Please repeat the records below exactly, skipping any pictures.

----------

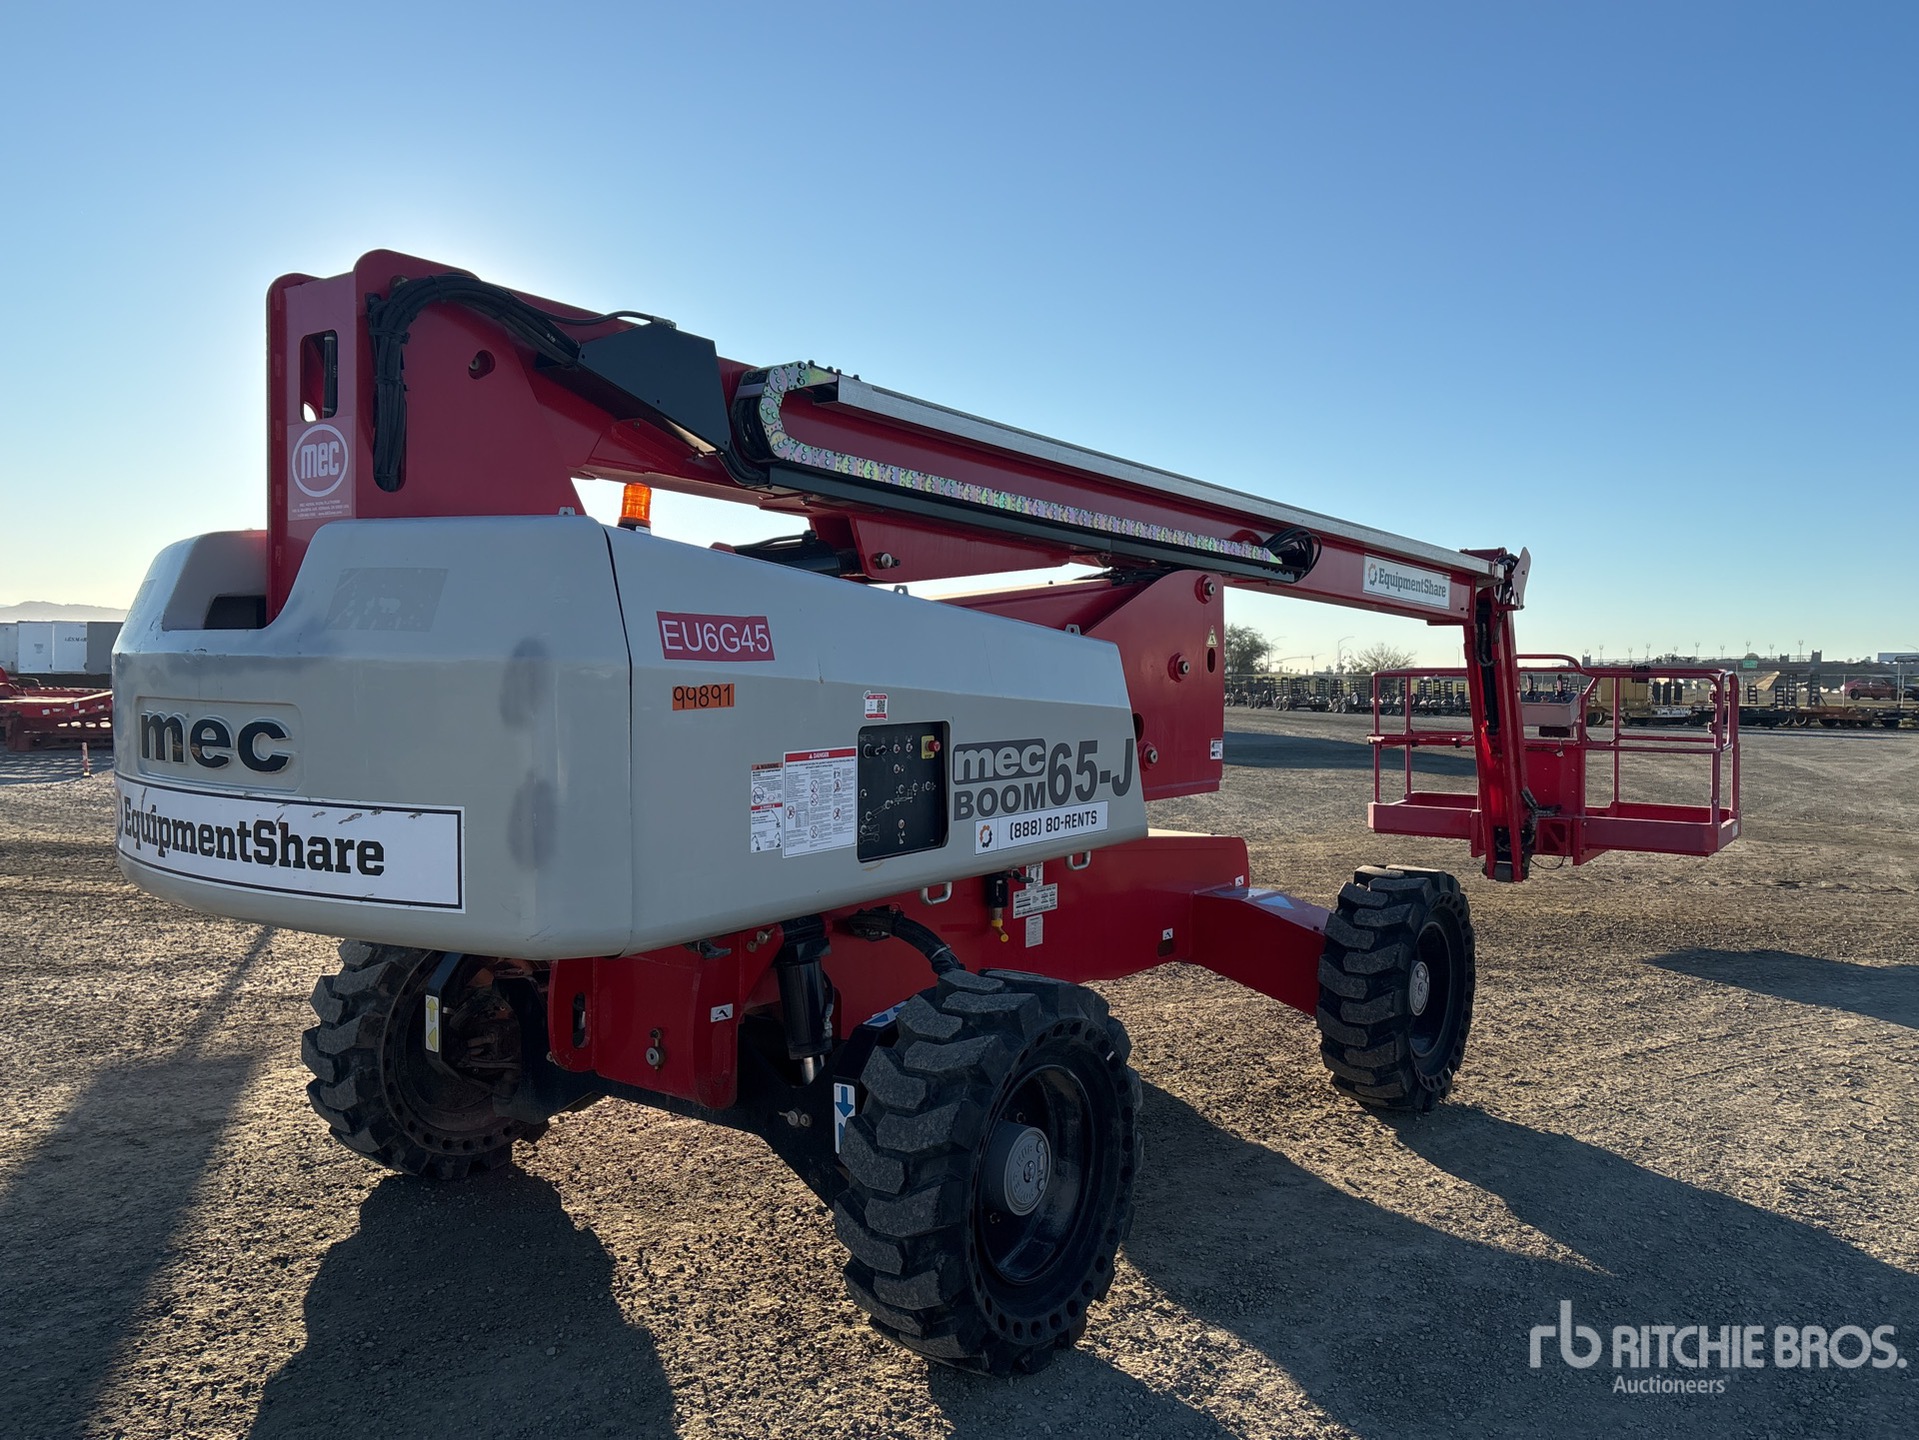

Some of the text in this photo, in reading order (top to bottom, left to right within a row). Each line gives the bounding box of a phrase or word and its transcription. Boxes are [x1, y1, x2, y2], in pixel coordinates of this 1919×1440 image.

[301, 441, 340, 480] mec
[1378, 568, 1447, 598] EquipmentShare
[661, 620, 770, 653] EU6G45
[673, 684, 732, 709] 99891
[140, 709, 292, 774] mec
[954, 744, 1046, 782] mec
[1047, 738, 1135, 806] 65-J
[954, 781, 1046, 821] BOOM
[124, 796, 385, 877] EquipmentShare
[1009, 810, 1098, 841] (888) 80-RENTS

----------

**OUTPUT BELOW**
Some of the text in this photo, in reading order (top to bottom, left to right within a row). Each line gives the bounding box of a phrase or word and its transcription. Boxes are [x1, y1, x2, y2], in pixel coordinates of this 1919×1440 image.

[301, 441, 340, 480] mec
[1378, 568, 1447, 598] EquipmentShare
[661, 620, 770, 653] EU6G45
[673, 684, 732, 709] 99891
[140, 709, 292, 774] mec
[954, 744, 1046, 782] mec
[1047, 738, 1135, 806] 65-J
[954, 781, 1046, 821] BOOM
[124, 796, 385, 877] EquipmentShare
[1009, 810, 1098, 841] (888) 80-RENTS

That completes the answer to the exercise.